Please set down, exactly as written, the line containing "this 1200×1800 image." and every line after it through the end of the records.

── DATA FOR REVIEW ──

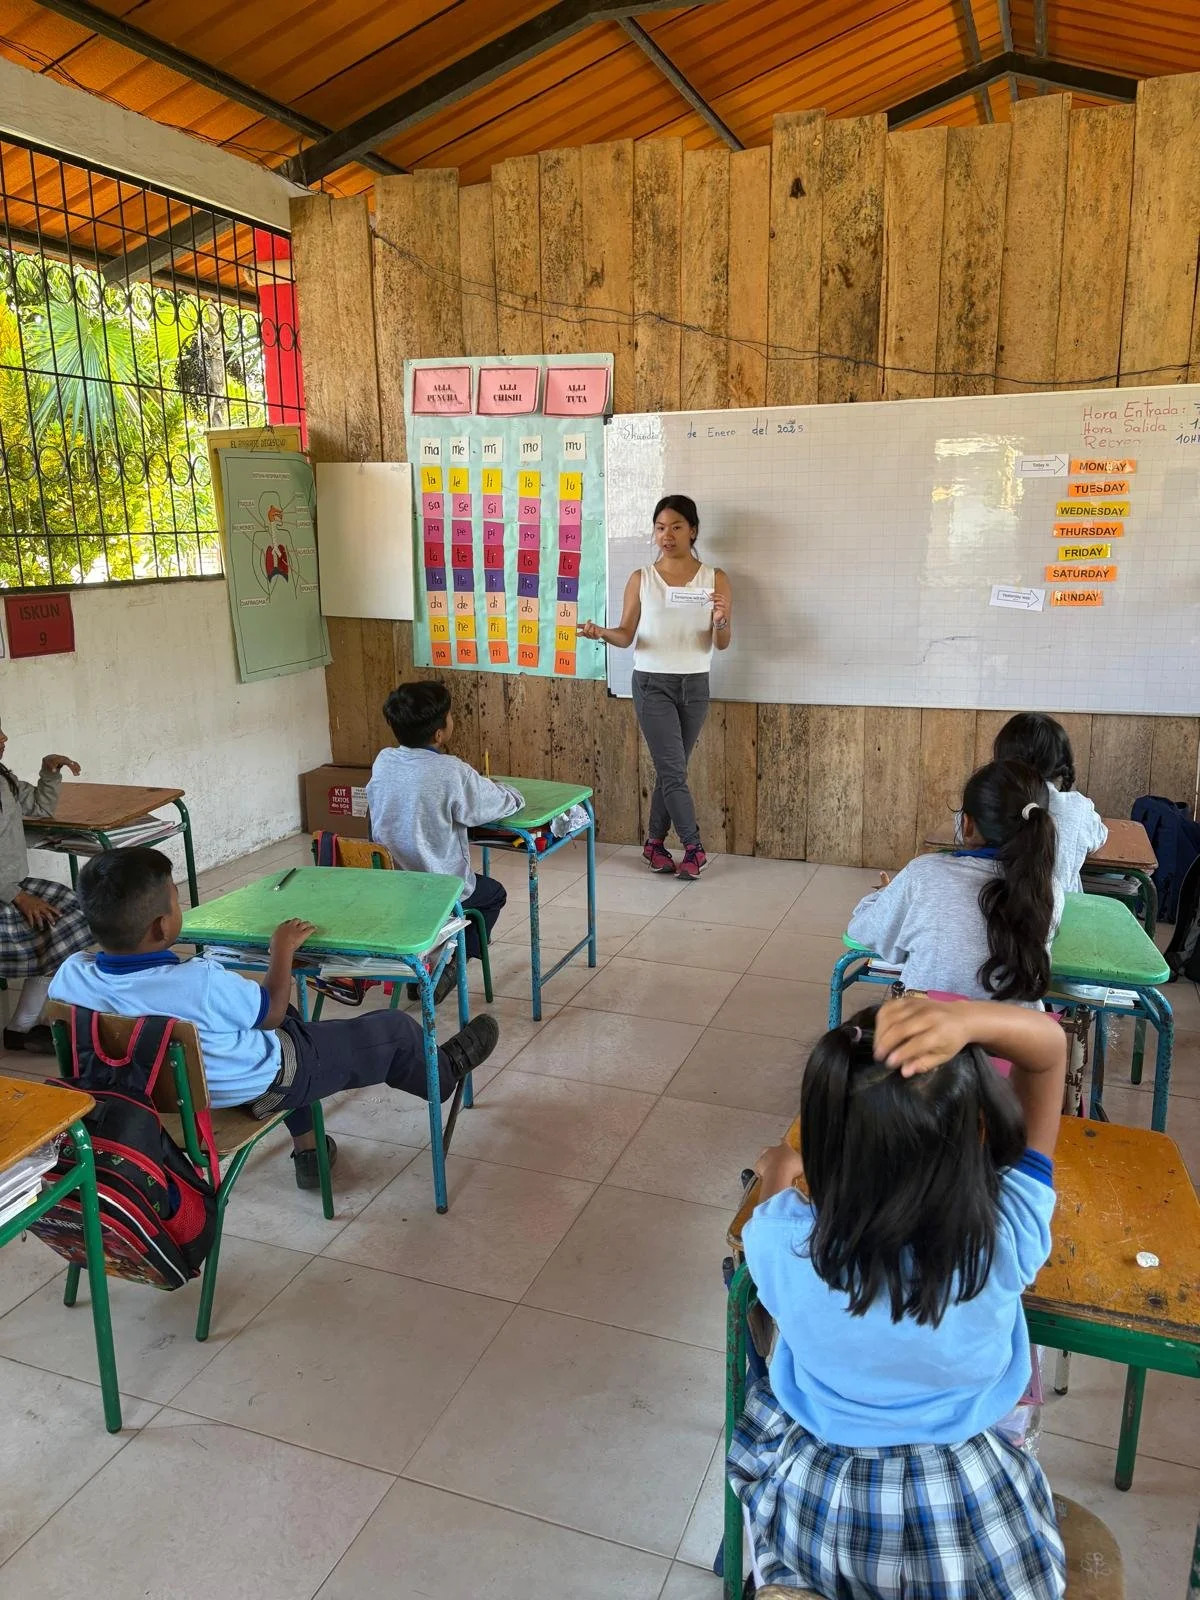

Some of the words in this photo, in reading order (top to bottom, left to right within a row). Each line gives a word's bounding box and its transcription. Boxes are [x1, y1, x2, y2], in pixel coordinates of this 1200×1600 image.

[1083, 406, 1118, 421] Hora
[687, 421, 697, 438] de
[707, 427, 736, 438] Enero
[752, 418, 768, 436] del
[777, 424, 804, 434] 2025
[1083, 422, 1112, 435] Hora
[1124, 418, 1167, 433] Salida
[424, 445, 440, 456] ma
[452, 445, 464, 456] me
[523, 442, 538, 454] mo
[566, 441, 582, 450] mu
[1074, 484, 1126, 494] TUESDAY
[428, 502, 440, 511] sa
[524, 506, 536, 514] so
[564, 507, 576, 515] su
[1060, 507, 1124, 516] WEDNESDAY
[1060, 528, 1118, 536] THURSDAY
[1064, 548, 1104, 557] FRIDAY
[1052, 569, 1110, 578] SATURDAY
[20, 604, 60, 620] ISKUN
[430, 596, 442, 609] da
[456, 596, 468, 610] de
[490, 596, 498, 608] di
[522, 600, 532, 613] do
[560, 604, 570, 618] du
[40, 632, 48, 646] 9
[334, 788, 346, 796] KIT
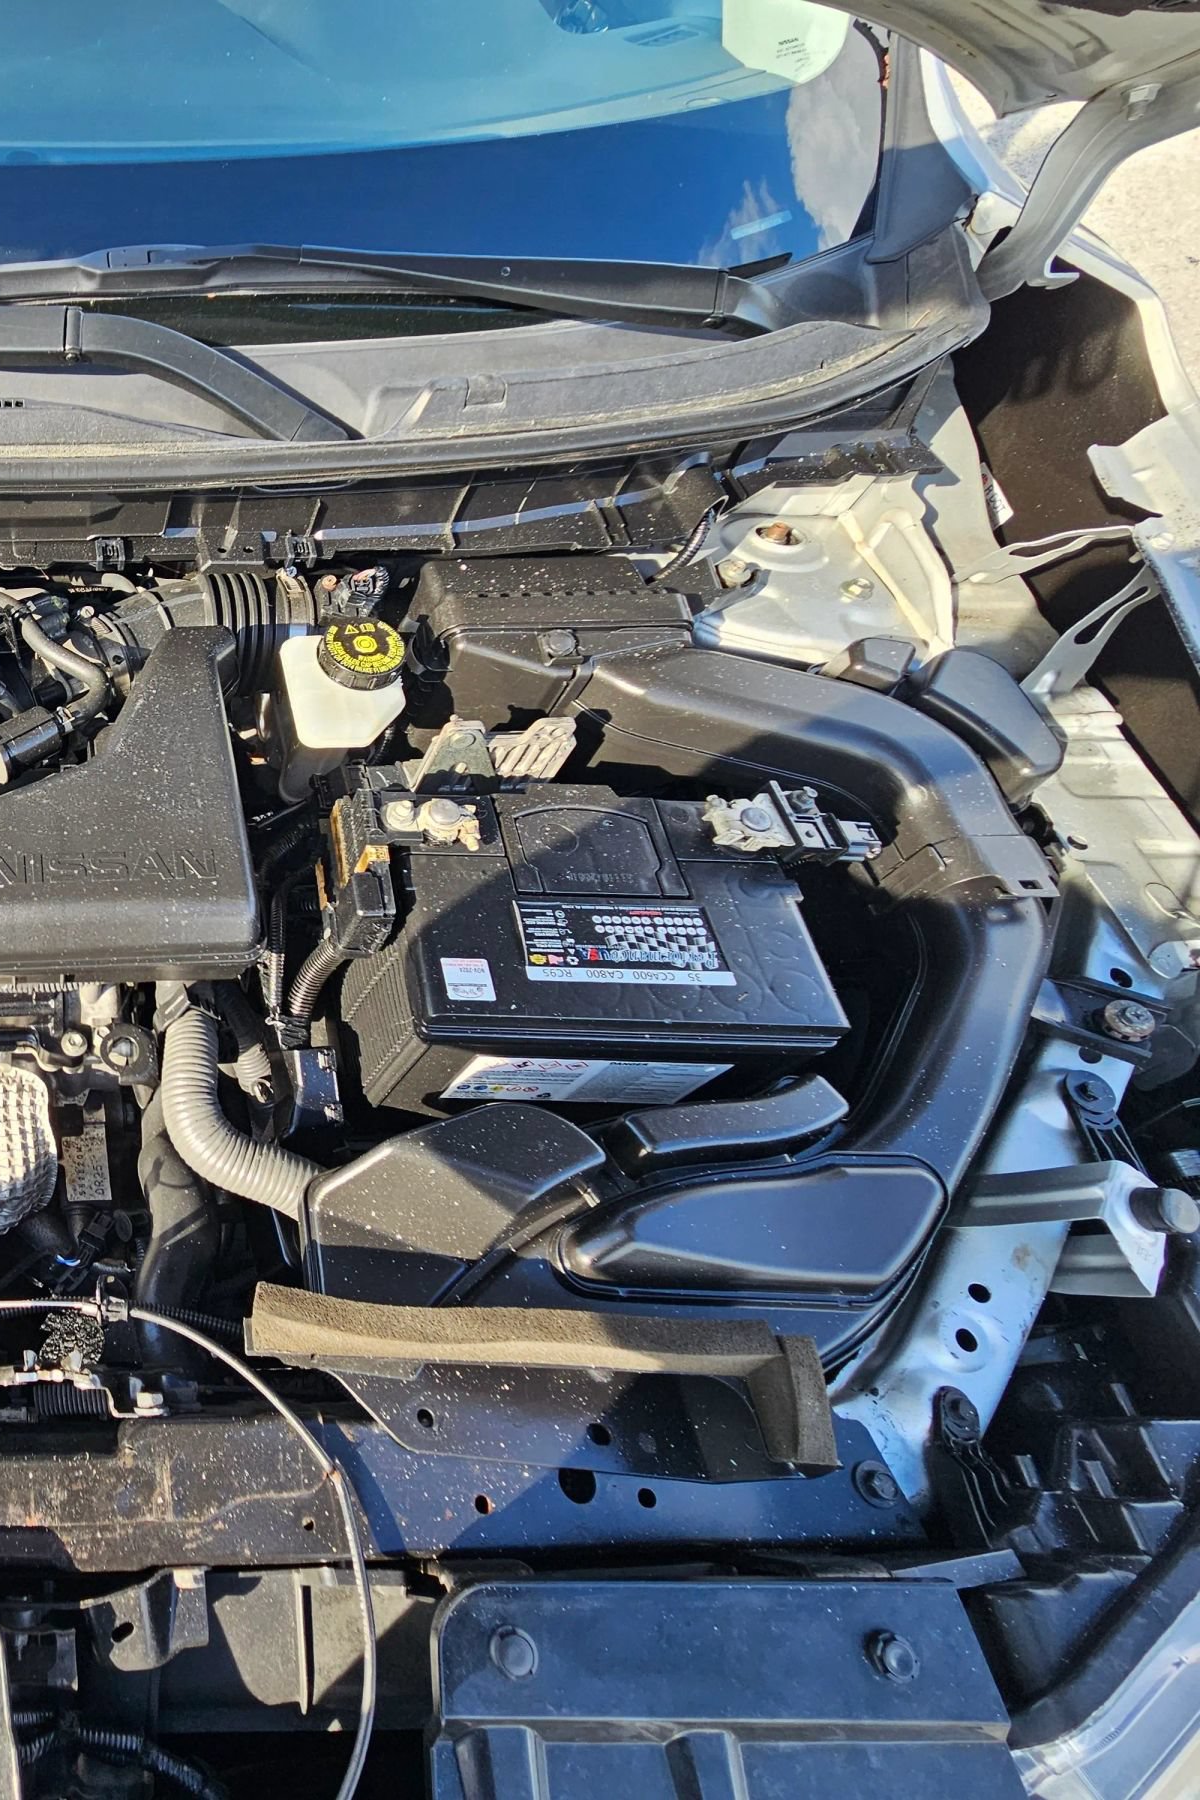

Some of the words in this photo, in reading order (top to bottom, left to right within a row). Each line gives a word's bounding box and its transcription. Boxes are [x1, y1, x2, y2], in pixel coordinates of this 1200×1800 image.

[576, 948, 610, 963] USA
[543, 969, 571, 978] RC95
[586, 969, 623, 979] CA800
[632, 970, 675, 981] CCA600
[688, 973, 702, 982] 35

───

[RESPONSE AREA]:
Some of the words in this photo, in reading order (top to bottom, left to right within a row). Each line gives a word's bounding box and its transcription. Boxes are [x1, y1, x2, y2], in pixel coordinates of this 1200×1800 image.

[576, 948, 610, 963] USA
[543, 969, 571, 978] RC95
[586, 969, 623, 979] CA800
[632, 970, 675, 981] CCA600
[688, 973, 702, 982] 35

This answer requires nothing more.